Terminal 2 of Ninoy Aquino International Airport (NAIA) will handle solely domestic aircraft beginning July 1.
The Manila International Airport Authority (MIAA) will redistribute flights in NAIA Terminal 2, which was once utilized entirely by Philippine Airlines (PAL), in an effort to ease the terminal’s chronic overcrowding.
Although Terminal 2 was originally planned as a domestic terminal in the late 1990s, we are transforming it into an international terminal. In the late 1990s, only the international and domestic operation terminals were constructed. In an interview on DZBB’s Saksi sa Dobol B, MIAA senior assistant general manager Bryan Co said, “Philippine Airlines just transformed the terminal into a hub for international and domestic operations.”
PAL will shift its entire international flight schedule to Terminal 1. PAL Express will continue to operate local flights from Terminal 2 under its regional name. PAL has assured that terminal-to-terminal transportation would be available for connecting flights between local and foreign destinations.
Because there are connecting flights from domestic to international and vice versa, there will be some modifications. In an interview with DZBB, Cielo Villaluna stated, “But our flying public can rest certain that we have a transit infrastructure, both for airside and land transfers.”

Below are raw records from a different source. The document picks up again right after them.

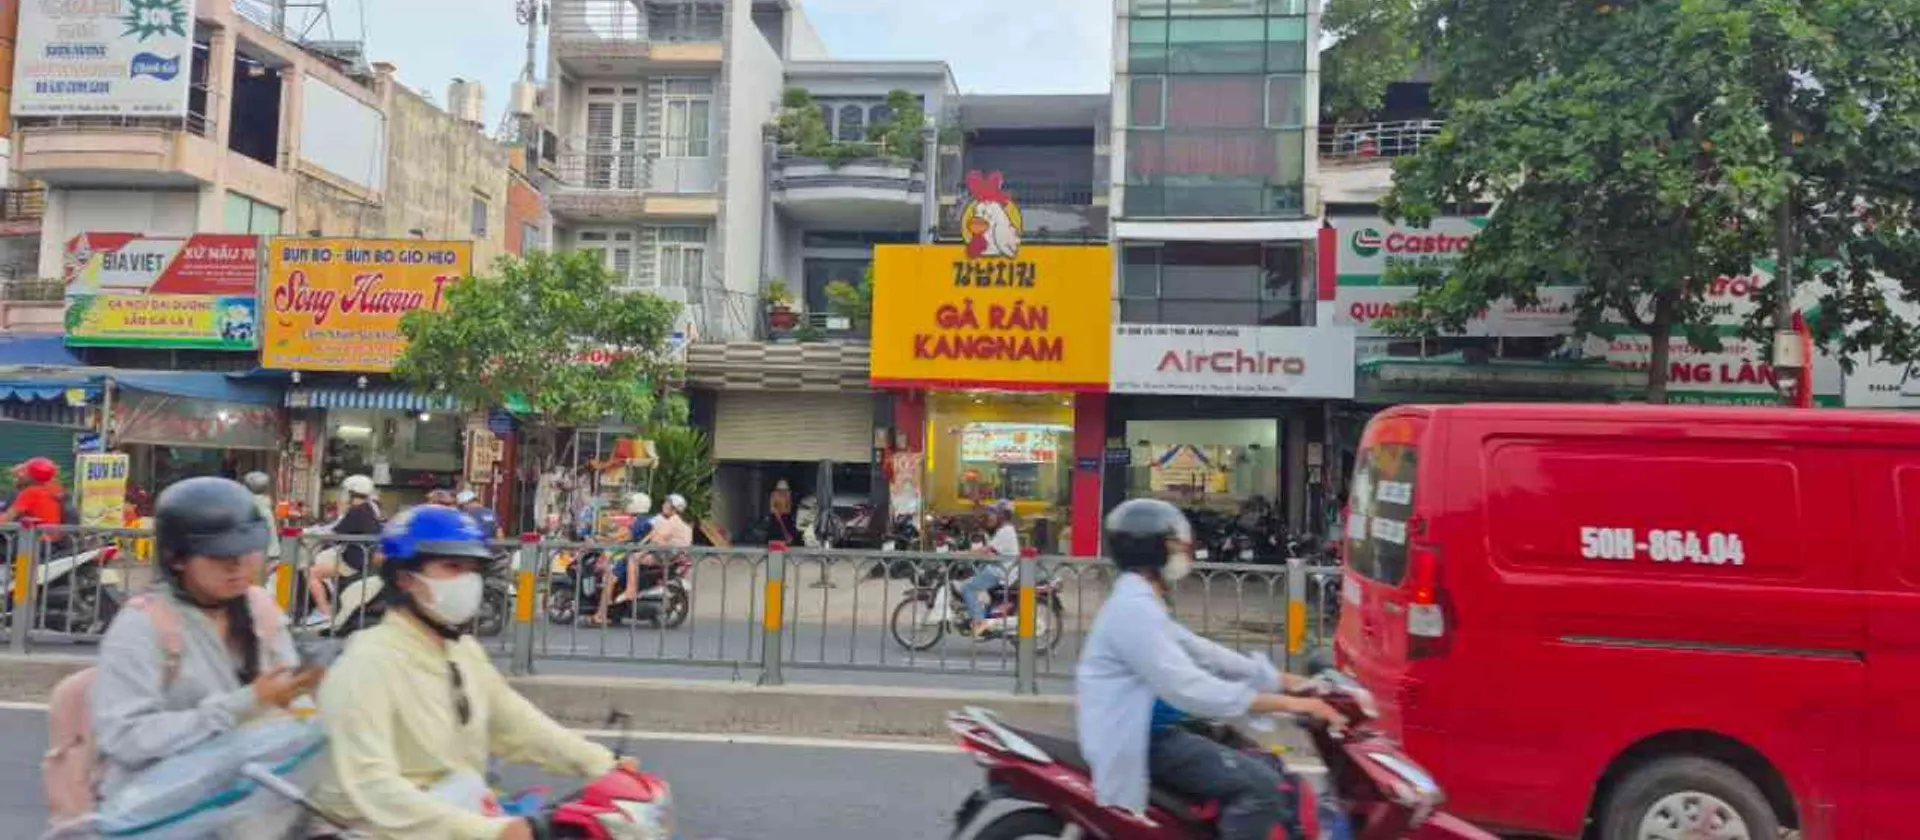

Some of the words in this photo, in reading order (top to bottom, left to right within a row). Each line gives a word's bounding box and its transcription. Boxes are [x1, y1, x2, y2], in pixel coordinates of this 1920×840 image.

[1386, 233, 1474, 253] Castro
[935, 298, 979, 330] GÀ
[988, 299, 1049, 331] RÁN
[913, 334, 1064, 362] KANGNAM
[1157, 349, 1305, 375] AirChiro

In the near future, AirAsia Philippines will consolidate its domestic operations with PAL in Terminal 2, therefore decongesting Terminal 4, which is tiny and frequently congested. Terminal 4 now serves AirAsia’s domestic flights, while Terminal 3 serves its international flights.
“Hinihiling namin na mailipat ang aming mga international sa Terminal 1 kasi po operational-wise, medyo magkalayo ang Terminal 3 at Terminal 2. In an interview on DZBB’s One on One: Walang Personalan, Steve Dailisan, a spokeswoman for AirAsia,” stated, “If we have foreign guests connecting to local flights, they would be upgraded.”

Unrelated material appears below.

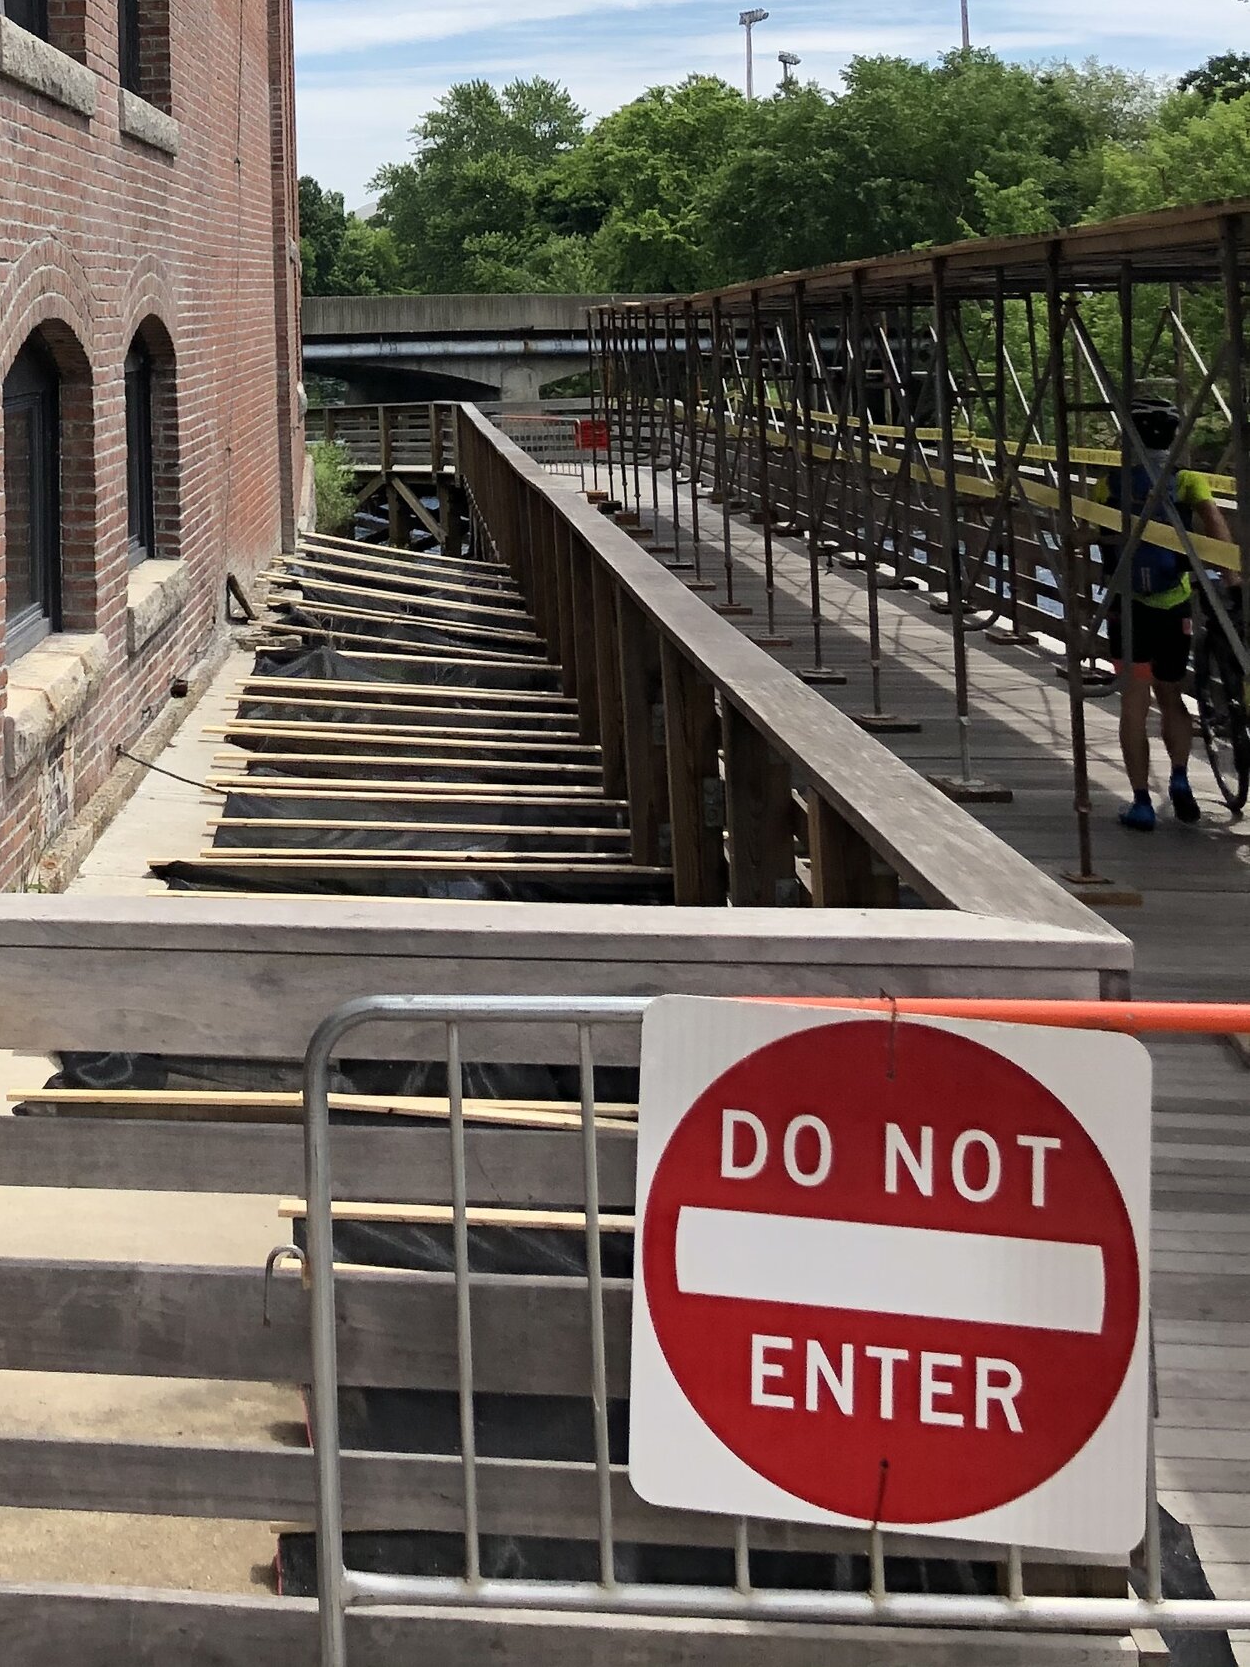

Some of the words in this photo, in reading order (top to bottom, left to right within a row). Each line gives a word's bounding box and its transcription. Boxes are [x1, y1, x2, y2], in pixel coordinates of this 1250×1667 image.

[720, 1108, 833, 1187] DO
[884, 1122, 1062, 1208] NOT
[750, 1333, 1024, 1434] ENTER

(We are proposing that our foreign flights be relocated to Terminal 1 due to the operational distance between Terminals 3 and 2. If overseas passengers are connecting from local aircraft, it is a considerable distance.)

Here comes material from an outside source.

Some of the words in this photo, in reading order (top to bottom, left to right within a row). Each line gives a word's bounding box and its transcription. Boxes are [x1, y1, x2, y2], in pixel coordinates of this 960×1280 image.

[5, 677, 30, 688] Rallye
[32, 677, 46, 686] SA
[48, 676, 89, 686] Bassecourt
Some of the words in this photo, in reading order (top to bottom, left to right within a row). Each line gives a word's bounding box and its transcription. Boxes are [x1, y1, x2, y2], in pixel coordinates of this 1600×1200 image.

The domestic network of Cebu Pacific will continue in Terminal 3. The turboprop aircraft operated by Cebu Pacific under its regional name Cebgo will continue to fly in Terminal 4.
According to Co., Terminal 2’s intended capacity would grow by up to 25% if PAL’s international flights were relocated to Terminal 1. He noted that it will also handle the increase in domestic tourism, since domestic traffic had already surpassed 110 percent of pre-pandemic levels.
When asked if Terminal 1 may become congested now that it must accept more foreign flights, Co said that the facility was “underutilized.”
“Ang Terminal 1 is a bit underused po kasi nga nag-improve na rin ang Terminal 1 natin (Terminal 1 is a bit underutilized since it has already improved). If you’ve gone to Terminal 1, you’ll see that it’s extremely different from the Terminal 1 we’ve known in the past since the air conditioning system is now superior and the number of facilities has risen,” Co said.
In order to create room for PAL’s international flights, he noted that other foreign airlines’ operations will also be relocated to Terminal 3. On April 16, the initial transfer of international airlines from Terminal 1 to Terminal 3 will commence. Jetstar Asia, Jetstar Japan, Scoot, China Southern, and Starlux are impacted carriers.